-- Opening Marker --

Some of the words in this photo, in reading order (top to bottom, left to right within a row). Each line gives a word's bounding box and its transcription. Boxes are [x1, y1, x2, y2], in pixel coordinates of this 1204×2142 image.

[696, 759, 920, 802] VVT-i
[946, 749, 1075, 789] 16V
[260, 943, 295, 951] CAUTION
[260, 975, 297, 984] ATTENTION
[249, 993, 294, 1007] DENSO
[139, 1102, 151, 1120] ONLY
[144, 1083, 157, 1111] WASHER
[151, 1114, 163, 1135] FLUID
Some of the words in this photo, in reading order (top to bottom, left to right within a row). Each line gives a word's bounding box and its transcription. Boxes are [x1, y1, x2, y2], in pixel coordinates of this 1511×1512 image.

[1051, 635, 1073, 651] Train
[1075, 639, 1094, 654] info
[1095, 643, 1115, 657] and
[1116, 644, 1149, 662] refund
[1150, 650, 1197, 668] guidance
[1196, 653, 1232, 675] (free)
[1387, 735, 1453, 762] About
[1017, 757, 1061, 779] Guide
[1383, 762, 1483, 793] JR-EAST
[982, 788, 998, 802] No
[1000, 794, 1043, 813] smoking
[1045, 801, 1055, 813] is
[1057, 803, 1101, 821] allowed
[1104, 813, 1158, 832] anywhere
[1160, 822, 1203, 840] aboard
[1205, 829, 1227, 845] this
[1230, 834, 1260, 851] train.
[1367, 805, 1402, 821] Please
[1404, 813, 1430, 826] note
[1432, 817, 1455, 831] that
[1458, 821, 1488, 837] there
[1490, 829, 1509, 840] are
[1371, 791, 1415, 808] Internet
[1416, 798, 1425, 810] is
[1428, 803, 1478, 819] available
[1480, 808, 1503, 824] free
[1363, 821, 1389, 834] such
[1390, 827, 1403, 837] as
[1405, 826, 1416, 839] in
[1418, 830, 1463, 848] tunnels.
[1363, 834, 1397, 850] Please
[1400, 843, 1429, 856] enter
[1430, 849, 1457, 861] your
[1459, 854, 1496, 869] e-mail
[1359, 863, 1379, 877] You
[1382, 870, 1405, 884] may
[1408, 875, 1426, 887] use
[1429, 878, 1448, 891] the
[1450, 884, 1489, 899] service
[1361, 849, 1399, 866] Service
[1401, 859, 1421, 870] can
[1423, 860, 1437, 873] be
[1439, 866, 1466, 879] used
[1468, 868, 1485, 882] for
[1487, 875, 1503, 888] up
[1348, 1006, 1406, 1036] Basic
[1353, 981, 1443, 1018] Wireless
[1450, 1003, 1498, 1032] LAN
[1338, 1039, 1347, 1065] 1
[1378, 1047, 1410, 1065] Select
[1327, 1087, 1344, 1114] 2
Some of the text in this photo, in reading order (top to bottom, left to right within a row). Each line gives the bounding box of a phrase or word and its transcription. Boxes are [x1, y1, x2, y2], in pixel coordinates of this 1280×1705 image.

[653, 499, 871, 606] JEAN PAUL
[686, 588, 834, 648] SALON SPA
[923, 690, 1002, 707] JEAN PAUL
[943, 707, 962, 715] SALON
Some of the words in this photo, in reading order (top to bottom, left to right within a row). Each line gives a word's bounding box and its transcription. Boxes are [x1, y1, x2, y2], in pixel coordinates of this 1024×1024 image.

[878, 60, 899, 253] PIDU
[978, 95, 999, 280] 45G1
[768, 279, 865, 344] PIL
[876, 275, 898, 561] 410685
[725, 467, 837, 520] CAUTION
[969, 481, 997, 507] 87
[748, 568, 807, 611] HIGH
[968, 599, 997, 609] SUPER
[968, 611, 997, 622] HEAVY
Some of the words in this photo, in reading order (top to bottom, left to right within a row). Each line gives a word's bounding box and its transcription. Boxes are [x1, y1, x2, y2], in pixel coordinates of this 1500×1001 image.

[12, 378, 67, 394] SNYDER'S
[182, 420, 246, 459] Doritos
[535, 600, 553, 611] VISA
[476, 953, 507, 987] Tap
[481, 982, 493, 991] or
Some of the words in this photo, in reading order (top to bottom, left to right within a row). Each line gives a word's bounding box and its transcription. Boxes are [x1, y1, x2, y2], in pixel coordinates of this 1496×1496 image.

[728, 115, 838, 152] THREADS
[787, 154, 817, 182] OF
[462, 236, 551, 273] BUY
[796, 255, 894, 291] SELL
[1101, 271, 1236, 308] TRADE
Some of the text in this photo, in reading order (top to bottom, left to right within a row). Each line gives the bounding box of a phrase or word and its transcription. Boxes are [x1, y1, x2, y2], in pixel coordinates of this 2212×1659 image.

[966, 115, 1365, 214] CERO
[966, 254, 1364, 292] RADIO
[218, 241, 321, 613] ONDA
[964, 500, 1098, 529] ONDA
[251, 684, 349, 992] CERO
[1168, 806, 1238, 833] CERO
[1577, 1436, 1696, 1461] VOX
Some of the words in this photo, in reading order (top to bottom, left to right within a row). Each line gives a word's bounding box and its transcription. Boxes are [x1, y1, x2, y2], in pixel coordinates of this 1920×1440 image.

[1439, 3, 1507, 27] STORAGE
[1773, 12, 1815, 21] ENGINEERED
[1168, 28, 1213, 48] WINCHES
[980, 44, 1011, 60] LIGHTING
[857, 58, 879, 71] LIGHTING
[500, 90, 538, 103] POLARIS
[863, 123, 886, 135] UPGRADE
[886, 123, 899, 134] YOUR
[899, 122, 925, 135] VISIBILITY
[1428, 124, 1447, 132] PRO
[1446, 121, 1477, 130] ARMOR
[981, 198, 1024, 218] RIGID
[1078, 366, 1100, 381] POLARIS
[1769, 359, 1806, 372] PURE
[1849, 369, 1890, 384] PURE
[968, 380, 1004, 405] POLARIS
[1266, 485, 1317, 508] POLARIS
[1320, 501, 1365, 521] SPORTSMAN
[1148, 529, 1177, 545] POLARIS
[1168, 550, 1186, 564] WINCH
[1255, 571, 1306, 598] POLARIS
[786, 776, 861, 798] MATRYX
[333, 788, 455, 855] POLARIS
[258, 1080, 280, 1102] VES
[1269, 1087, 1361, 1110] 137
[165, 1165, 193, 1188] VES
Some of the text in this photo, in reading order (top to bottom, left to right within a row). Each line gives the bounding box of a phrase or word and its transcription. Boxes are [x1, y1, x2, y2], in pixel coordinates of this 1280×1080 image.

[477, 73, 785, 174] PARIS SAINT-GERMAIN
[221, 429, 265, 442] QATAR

-- Closing Marker --

WORK TO BE COMPLETED> Give the data back exactly as it stands.

ANSWER SECTION>
Some of the words in this photo, in reading order (top to bottom, left to right within a row). Each line gives a word's bounding box and its transcription. Boxes are [x1, y1, x2, y2], in pixel coordinates of this 1204×2142 image.

[696, 759, 920, 802] VVT-i
[946, 749, 1075, 789] 16V
[260, 943, 295, 951] CAUTION
[260, 975, 297, 984] ATTENTION
[249, 993, 294, 1007] DENSO
[139, 1102, 151, 1120] ONLY
[144, 1083, 157, 1111] WASHER
[151, 1114, 163, 1135] FLUID
Some of the words in this photo, in reading order (top to bottom, left to right within a row). Each line gives a word's bounding box and its transcription. Boxes are [x1, y1, x2, y2], in pixel coordinates of this 1511×1512 image.

[1051, 635, 1073, 651] Train
[1075, 639, 1094, 654] info
[1095, 643, 1115, 657] and
[1116, 644, 1149, 662] refund
[1150, 650, 1197, 668] guidance
[1196, 653, 1232, 675] (free)
[1387, 735, 1453, 762] About
[1017, 757, 1061, 779] Guide
[1383, 762, 1483, 793] JR-EAST
[982, 788, 998, 802] No
[1000, 794, 1043, 813] smoking
[1045, 801, 1055, 813] is
[1057, 803, 1101, 821] allowed
[1104, 813, 1158, 832] anywhere
[1160, 822, 1203, 840] aboard
[1205, 829, 1227, 845] this
[1230, 834, 1260, 851] train.
[1367, 805, 1402, 821] Please
[1404, 813, 1430, 826] note
[1432, 817, 1455, 831] that
[1458, 821, 1488, 837] there
[1490, 829, 1509, 840] are
[1371, 791, 1415, 808] Internet
[1416, 798, 1425, 810] is
[1428, 803, 1478, 819] available
[1480, 808, 1503, 824] free
[1363, 821, 1389, 834] such
[1390, 827, 1403, 837] as
[1405, 826, 1416, 839] in
[1418, 830, 1463, 848] tunnels.
[1363, 834, 1397, 850] Please
[1400, 843, 1429, 856] enter
[1430, 849, 1457, 861] your
[1459, 854, 1496, 869] e-mail
[1359, 863, 1379, 877] You
[1382, 870, 1405, 884] may
[1408, 875, 1426, 887] use
[1429, 878, 1448, 891] the
[1450, 884, 1489, 899] service
[1361, 849, 1399, 866] Service
[1401, 859, 1421, 870] can
[1423, 860, 1437, 873] be
[1439, 866, 1466, 879] used
[1468, 868, 1485, 882] for
[1487, 875, 1503, 888] up
[1348, 1006, 1406, 1036] Basic
[1353, 981, 1443, 1018] Wireless
[1450, 1003, 1498, 1032] LAN
[1338, 1039, 1347, 1065] 1
[1378, 1047, 1410, 1065] Select
[1327, 1087, 1344, 1114] 2
Some of the text in this photo, in reading order (top to bottom, left to right within a row). Each line gives the bounding box of a phrase or word and its transcription. Boxes are [x1, y1, x2, y2], in pixel coordinates of this 1280×1705 image.

[653, 499, 871, 606] JEAN PAUL
[686, 588, 834, 648] SALON SPA
[923, 690, 1002, 707] JEAN PAUL
[943, 707, 962, 715] SALON
Some of the words in this photo, in reading order (top to bottom, left to right within a row). Each line gives a word's bounding box and its transcription. Boxes are [x1, y1, x2, y2], in pixel coordinates of this 1024×1024 image.

[878, 60, 899, 253] PIDU
[978, 95, 999, 280] 45G1
[768, 279, 865, 344] PIL
[876, 275, 898, 561] 410685
[725, 467, 837, 520] CAUTION
[969, 481, 997, 507] 87
[748, 568, 807, 611] HIGH
[968, 599, 997, 609] SUPER
[968, 611, 997, 622] HEAVY
Some of the words in this photo, in reading order (top to bottom, left to right within a row). Each line gives a word's bounding box and its transcription. Boxes are [x1, y1, x2, y2], in pixel coordinates of this 1500×1001 image.

[12, 378, 67, 394] SNYDER'S
[182, 420, 246, 459] Doritos
[535, 600, 553, 611] VISA
[476, 953, 507, 987] Tap
[481, 982, 493, 991] or
Some of the words in this photo, in reading order (top to bottom, left to right within a row). Each line gives a word's bounding box and its transcription. Boxes are [x1, y1, x2, y2], in pixel coordinates of this 1496×1496 image.

[728, 115, 838, 152] THREADS
[787, 154, 817, 182] OF
[462, 236, 551, 273] BUY
[796, 255, 894, 291] SELL
[1101, 271, 1236, 308] TRADE
Some of the text in this photo, in reading order (top to bottom, left to right within a row). Each line gives the bounding box of a phrase or word and its transcription. Boxes are [x1, y1, x2, y2], in pixel coordinates of this 2212×1659 image.

[966, 115, 1365, 214] CERO
[966, 254, 1364, 292] RADIO
[218, 241, 321, 613] ONDA
[964, 500, 1098, 529] ONDA
[251, 684, 349, 992] CERO
[1168, 806, 1238, 833] CERO
[1577, 1436, 1696, 1461] VOX
Some of the words in this photo, in reading order (top to bottom, left to right within a row). Each line gives a word's bounding box and its transcription. Boxes are [x1, y1, x2, y2], in pixel coordinates of this 1920×1440 image.

[1439, 3, 1507, 27] STORAGE
[1773, 12, 1815, 21] ENGINEERED
[1168, 28, 1213, 48] WINCHES
[980, 44, 1011, 60] LIGHTING
[857, 58, 879, 71] LIGHTING
[500, 90, 538, 103] POLARIS
[863, 123, 886, 135] UPGRADE
[886, 123, 899, 134] YOUR
[899, 122, 925, 135] VISIBILITY
[1428, 124, 1447, 132] PRO
[1446, 121, 1477, 130] ARMOR
[981, 198, 1024, 218] RIGID
[1078, 366, 1100, 381] POLARIS
[1769, 359, 1806, 372] PURE
[1849, 369, 1890, 384] PURE
[968, 380, 1004, 405] POLARIS
[1266, 485, 1317, 508] POLARIS
[1320, 501, 1365, 521] SPORTSMAN
[1148, 529, 1177, 545] POLARIS
[1168, 550, 1186, 564] WINCH
[1255, 571, 1306, 598] POLARIS
[786, 776, 861, 798] MATRYX
[333, 788, 455, 855] POLARIS
[258, 1080, 280, 1102] VES
[1269, 1087, 1361, 1110] 137
[165, 1165, 193, 1188] VES
Some of the text in this photo, in reading order (top to bottom, left to right within a row). Each line gives the bounding box of a phrase or word and its transcription. Boxes are [x1, y1, x2, y2], in pixel coordinates of this 1280×1080 image.

[477, 73, 785, 174] PARIS SAINT-GERMAIN
[221, 429, 265, 442] QATAR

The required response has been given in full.